• GOAL OF THE EXERCISE: Each line below must be set down exactly; omit any image you find.
━━━
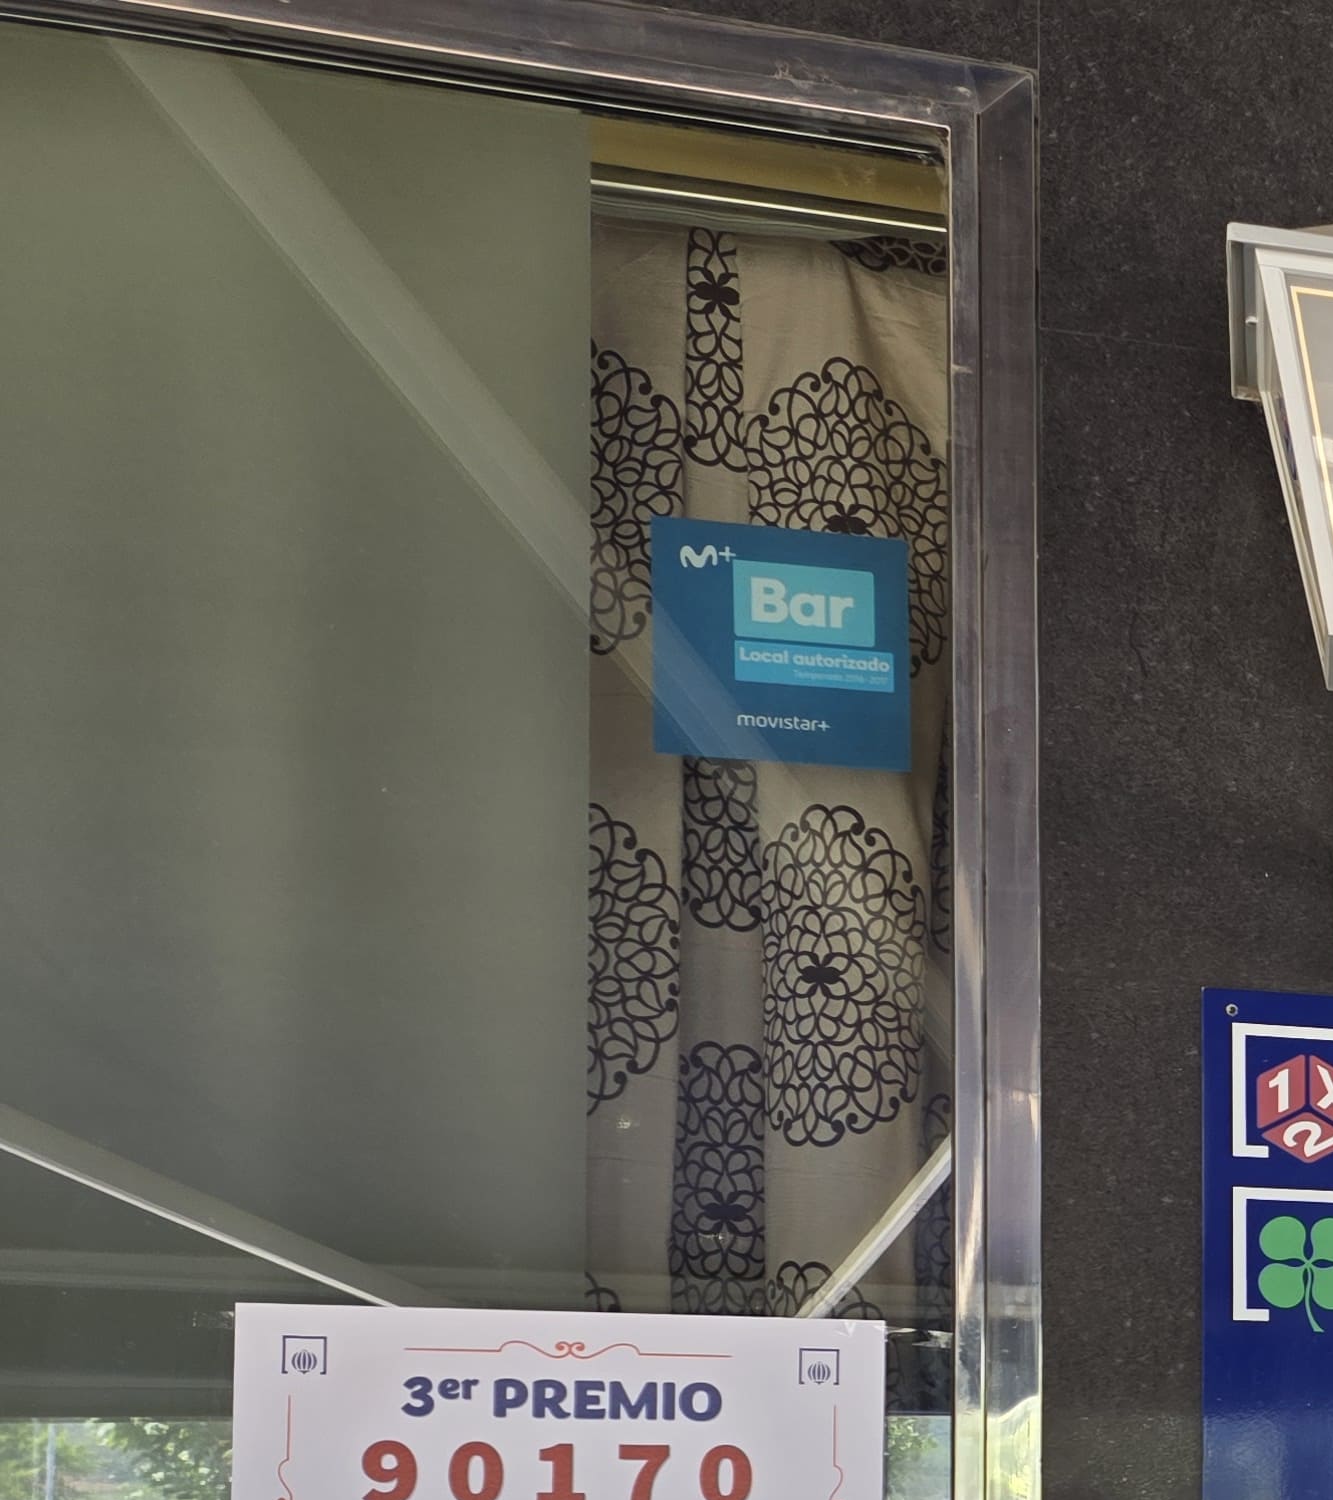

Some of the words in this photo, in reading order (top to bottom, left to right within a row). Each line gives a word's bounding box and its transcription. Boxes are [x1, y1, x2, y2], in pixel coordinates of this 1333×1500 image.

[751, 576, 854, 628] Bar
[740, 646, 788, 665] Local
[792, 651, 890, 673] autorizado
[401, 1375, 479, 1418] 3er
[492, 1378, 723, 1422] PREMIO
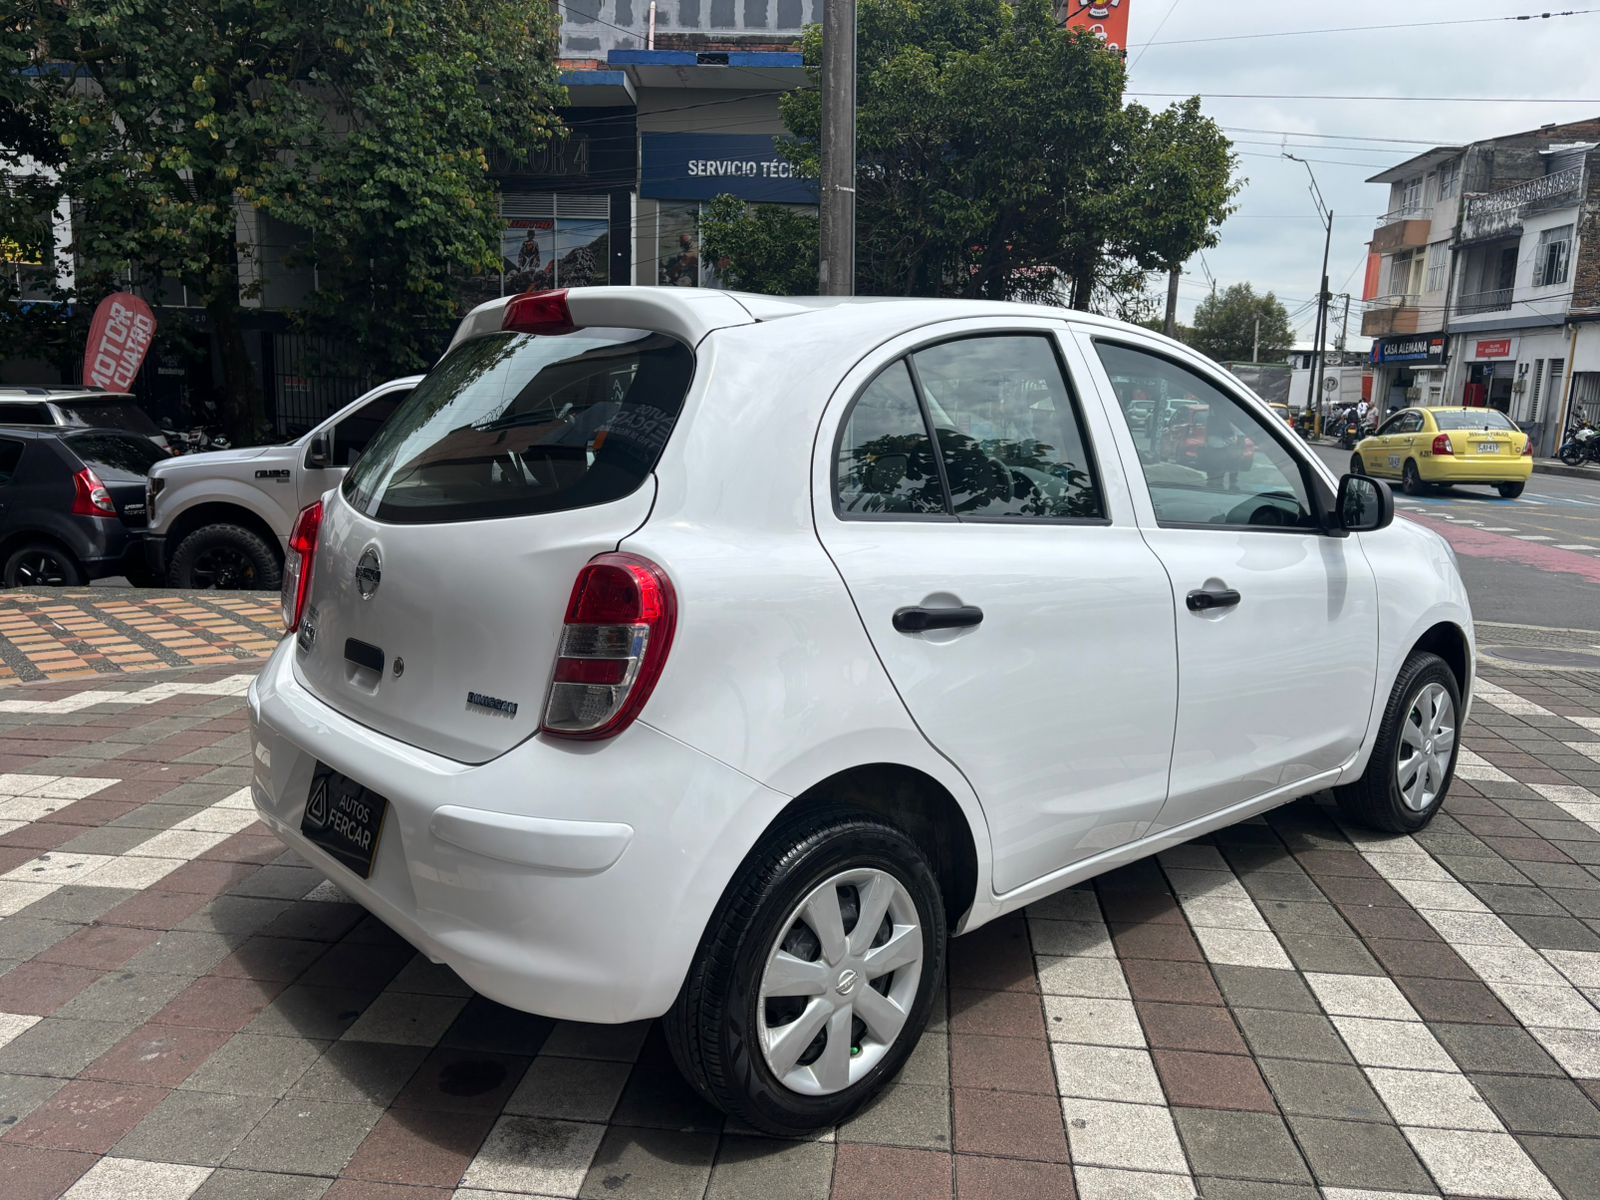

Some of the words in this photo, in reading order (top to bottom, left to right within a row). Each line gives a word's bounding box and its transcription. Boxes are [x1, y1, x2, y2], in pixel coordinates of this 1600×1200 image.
━━━
• COMPLETED EXERCISE:
Some of the words in this photo, in reading order (top to bottom, left to right within a row). Each line gives a word's bounding box and its transcription. Boxes are [x1, y1, x2, y2], in pixel coordinates of this 1333×1500 image.

[751, 576, 854, 628] Bar
[740, 646, 788, 665] Local
[792, 651, 890, 673] autorizado
[401, 1375, 479, 1418] 3er
[492, 1378, 723, 1422] PREMIO

Some of the words in this photo, in reading order (top to bottom, left to right within a row). Each line gives a word's bounding box and its transcription. Boxes are [x1, y1, x2, y2], in pixel coordinates of this 1600×1200 image.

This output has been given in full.